Segment Start: Data provided

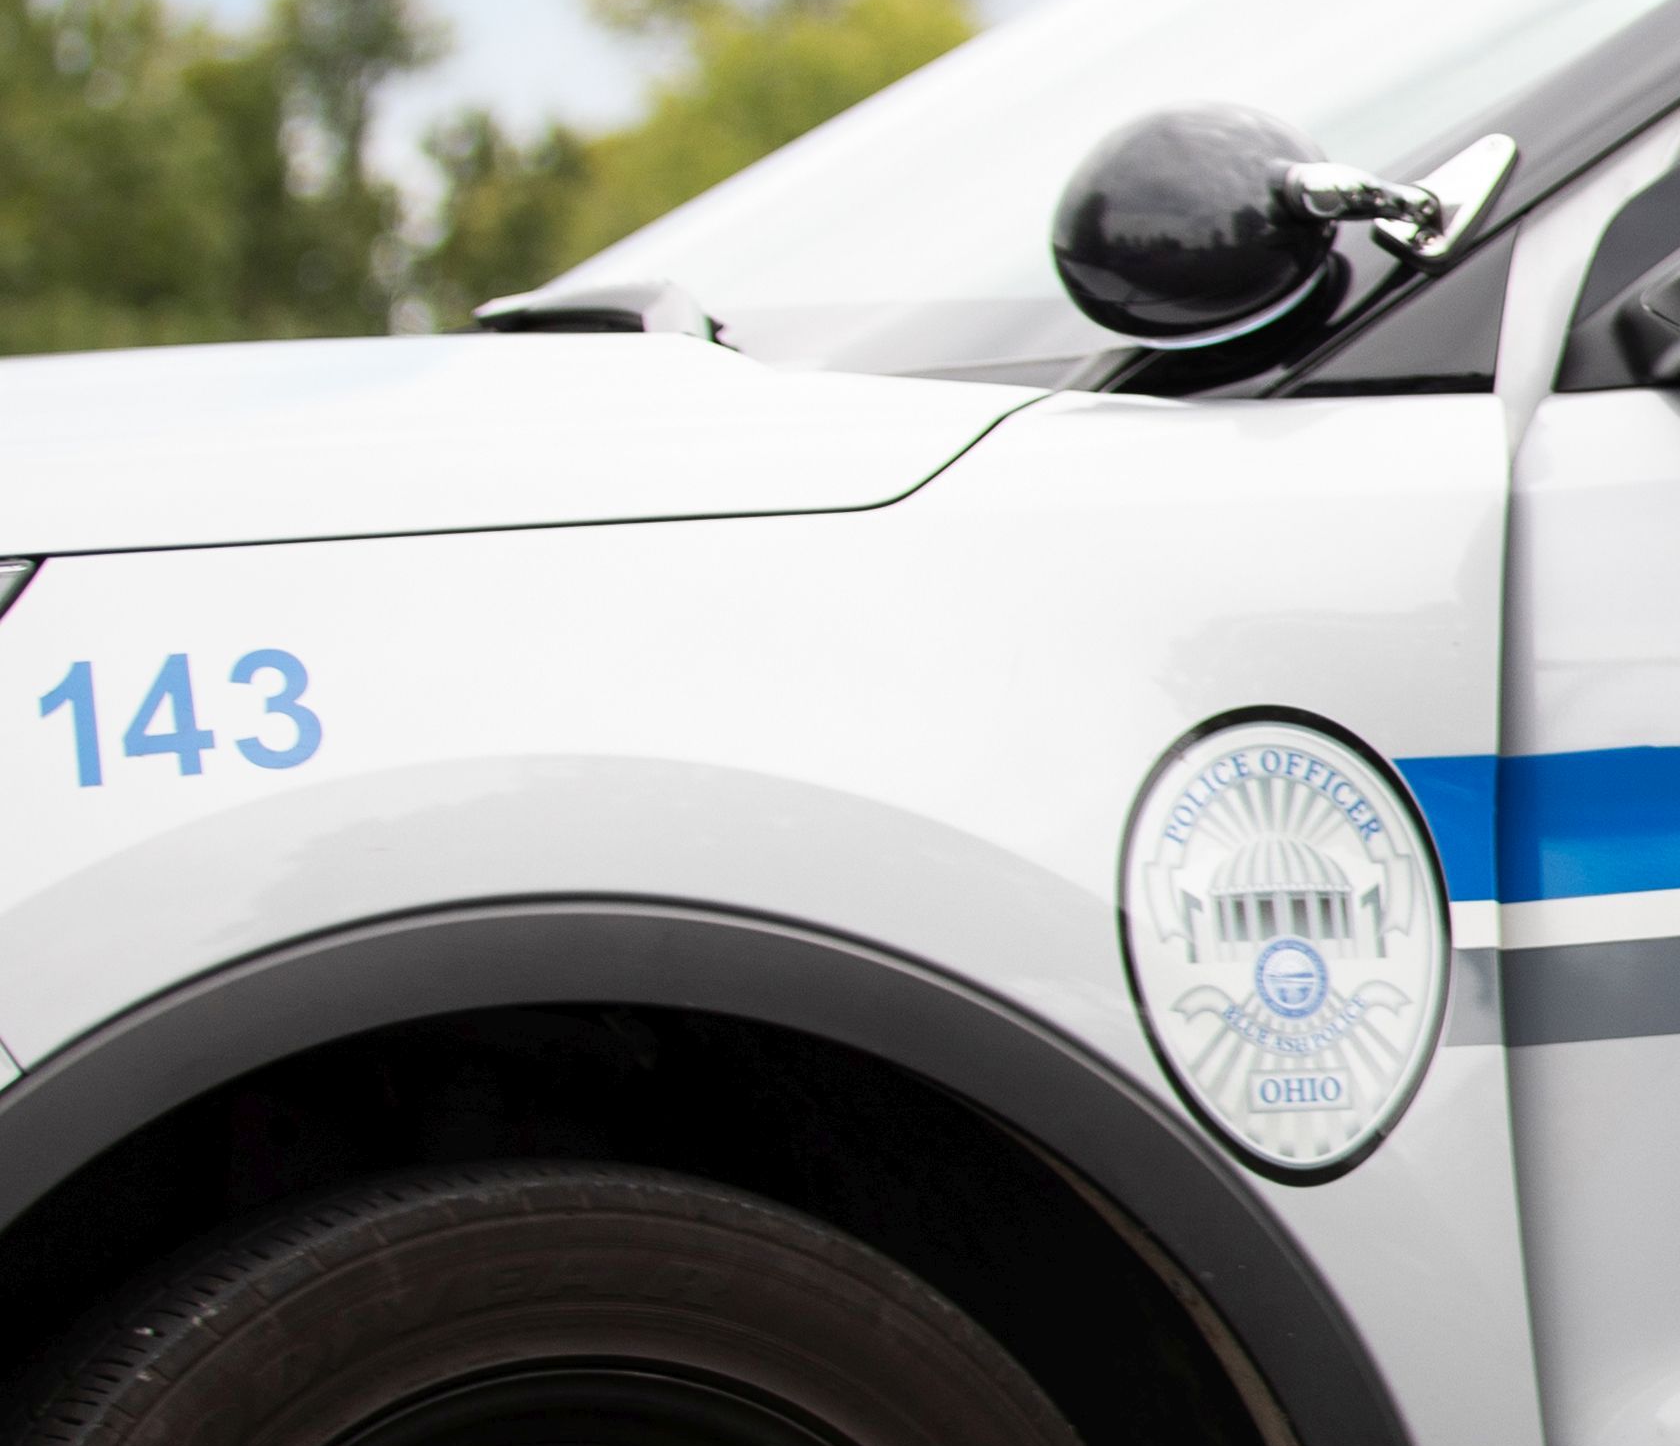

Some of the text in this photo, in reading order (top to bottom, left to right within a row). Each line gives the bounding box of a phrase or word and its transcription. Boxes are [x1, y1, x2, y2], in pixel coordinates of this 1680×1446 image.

[39, 648, 323, 787] 143
[1164, 750, 1383, 844] POLICE OFFICER
[1223, 1005, 1269, 1045] BLUE
[1312, 995, 1366, 1047] POLICE
[1259, 1076, 1342, 1104] OHIO

Segment End: Data provided

--- Your objective ---
Each of the entries above must be copied exactly, but the pictures stay out.

--- Written solution ---
Some of the text in this photo, in reading order (top to bottom, left to right within a row). Each line gives the bounding box of a phrase or word and its transcription. Boxes are [x1, y1, x2, y2], in pixel coordinates of this 1680×1446 image.

[39, 648, 323, 787] 143
[1164, 750, 1383, 844] POLICE OFFICER
[1223, 1005, 1269, 1045] BLUE
[1312, 995, 1366, 1047] POLICE
[1259, 1076, 1342, 1104] OHIO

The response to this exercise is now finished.